What is needed –
Copy the lines below exactly. No picture goes into the copy.

Source material –

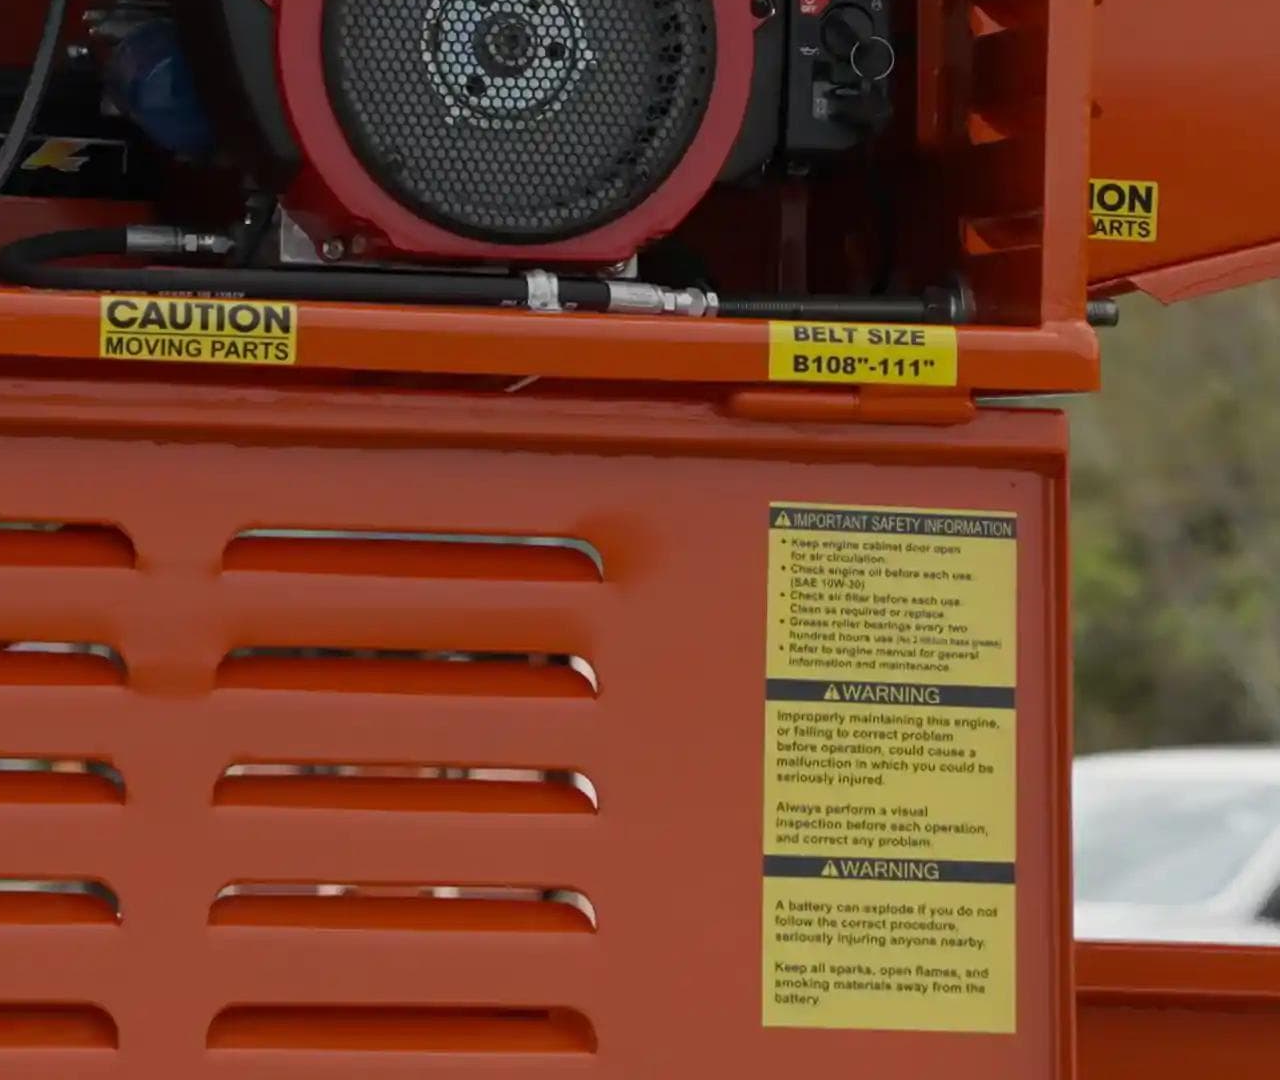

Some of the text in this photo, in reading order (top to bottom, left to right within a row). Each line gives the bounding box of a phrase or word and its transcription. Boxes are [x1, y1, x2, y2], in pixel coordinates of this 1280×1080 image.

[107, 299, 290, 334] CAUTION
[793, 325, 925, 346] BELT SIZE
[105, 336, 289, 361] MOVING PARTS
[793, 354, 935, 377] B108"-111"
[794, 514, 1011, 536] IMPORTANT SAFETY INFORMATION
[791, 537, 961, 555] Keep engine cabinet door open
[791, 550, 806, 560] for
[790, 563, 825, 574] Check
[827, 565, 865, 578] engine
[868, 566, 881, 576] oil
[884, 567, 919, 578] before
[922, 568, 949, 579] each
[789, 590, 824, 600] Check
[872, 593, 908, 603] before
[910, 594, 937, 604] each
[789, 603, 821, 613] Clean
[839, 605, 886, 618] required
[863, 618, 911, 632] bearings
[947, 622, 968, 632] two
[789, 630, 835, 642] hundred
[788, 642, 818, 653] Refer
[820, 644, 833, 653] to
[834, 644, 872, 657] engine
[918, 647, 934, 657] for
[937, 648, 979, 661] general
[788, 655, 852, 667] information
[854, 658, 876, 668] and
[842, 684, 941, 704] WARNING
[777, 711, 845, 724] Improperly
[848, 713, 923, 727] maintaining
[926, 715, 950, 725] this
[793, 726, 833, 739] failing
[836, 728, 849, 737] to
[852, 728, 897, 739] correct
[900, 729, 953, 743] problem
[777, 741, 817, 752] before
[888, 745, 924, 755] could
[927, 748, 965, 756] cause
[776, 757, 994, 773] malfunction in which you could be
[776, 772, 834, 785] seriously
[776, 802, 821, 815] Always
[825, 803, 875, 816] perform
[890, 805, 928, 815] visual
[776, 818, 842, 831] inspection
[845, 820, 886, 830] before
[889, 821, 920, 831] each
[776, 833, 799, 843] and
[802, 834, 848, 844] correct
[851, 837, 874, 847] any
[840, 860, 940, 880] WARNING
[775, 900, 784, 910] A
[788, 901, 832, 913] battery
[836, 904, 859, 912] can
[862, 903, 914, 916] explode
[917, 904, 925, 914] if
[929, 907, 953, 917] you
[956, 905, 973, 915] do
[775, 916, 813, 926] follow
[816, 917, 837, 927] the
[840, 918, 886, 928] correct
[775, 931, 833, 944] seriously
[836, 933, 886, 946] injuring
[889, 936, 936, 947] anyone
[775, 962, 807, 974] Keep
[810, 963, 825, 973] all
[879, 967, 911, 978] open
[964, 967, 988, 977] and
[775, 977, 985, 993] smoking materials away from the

Solution to this exercise –
Some of the text in this photo, in reading order (top to bottom, left to right within a row). Each line gives the bounding box of a phrase or word and its transcription. Boxes are [x1, y1, x2, y2], in pixel coordinates of this 1280×1080 image.

[107, 299, 290, 334] CAUTION
[793, 325, 925, 346] BELT SIZE
[105, 336, 289, 361] MOVING PARTS
[793, 354, 935, 377] B108"-111"
[794, 514, 1011, 536] IMPORTANT SAFETY INFORMATION
[791, 537, 961, 555] Keep engine cabinet door open
[791, 550, 806, 560] for
[790, 563, 825, 574] Check
[827, 565, 865, 578] engine
[868, 566, 881, 576] oil
[884, 567, 919, 578] before
[922, 568, 949, 579] each
[789, 590, 824, 600] Check
[872, 593, 908, 603] before
[910, 594, 937, 604] each
[789, 603, 821, 613] Clean
[839, 605, 886, 618] required
[863, 618, 911, 632] bearings
[947, 622, 968, 632] two
[789, 630, 835, 642] hundred
[788, 642, 818, 653] Refer
[820, 644, 833, 653] to
[834, 644, 872, 657] engine
[918, 647, 934, 657] for
[937, 648, 979, 661] general
[788, 655, 852, 667] information
[854, 658, 876, 668] and
[842, 684, 941, 704] WARNING
[777, 711, 845, 724] Improperly
[848, 713, 923, 727] maintaining
[926, 715, 950, 725] this
[793, 726, 833, 739] failing
[836, 728, 849, 737] to
[852, 728, 897, 739] correct
[900, 729, 953, 743] problem
[777, 741, 817, 752] before
[888, 745, 924, 755] could
[927, 748, 965, 756] cause
[776, 757, 994, 773] malfunction in which you could be
[776, 772, 834, 785] seriously
[776, 802, 821, 815] Always
[825, 803, 875, 816] perform
[890, 805, 928, 815] visual
[776, 818, 842, 831] inspection
[845, 820, 886, 830] before
[889, 821, 920, 831] each
[776, 833, 799, 843] and
[802, 834, 848, 844] correct
[851, 837, 874, 847] any
[840, 860, 940, 880] WARNING
[775, 900, 784, 910] A
[788, 901, 832, 913] battery
[836, 904, 859, 912] can
[862, 903, 914, 916] explode
[917, 904, 925, 914] if
[929, 907, 953, 917] you
[956, 905, 973, 915] do
[775, 916, 813, 926] follow
[816, 917, 837, 927] the
[840, 918, 886, 928] correct
[775, 931, 833, 944] seriously
[836, 933, 886, 946] injuring
[889, 936, 936, 947] anyone
[775, 962, 807, 974] Keep
[810, 963, 825, 973] all
[879, 967, 911, 978] open
[964, 967, 988, 977] and
[775, 977, 985, 993] smoking materials away from the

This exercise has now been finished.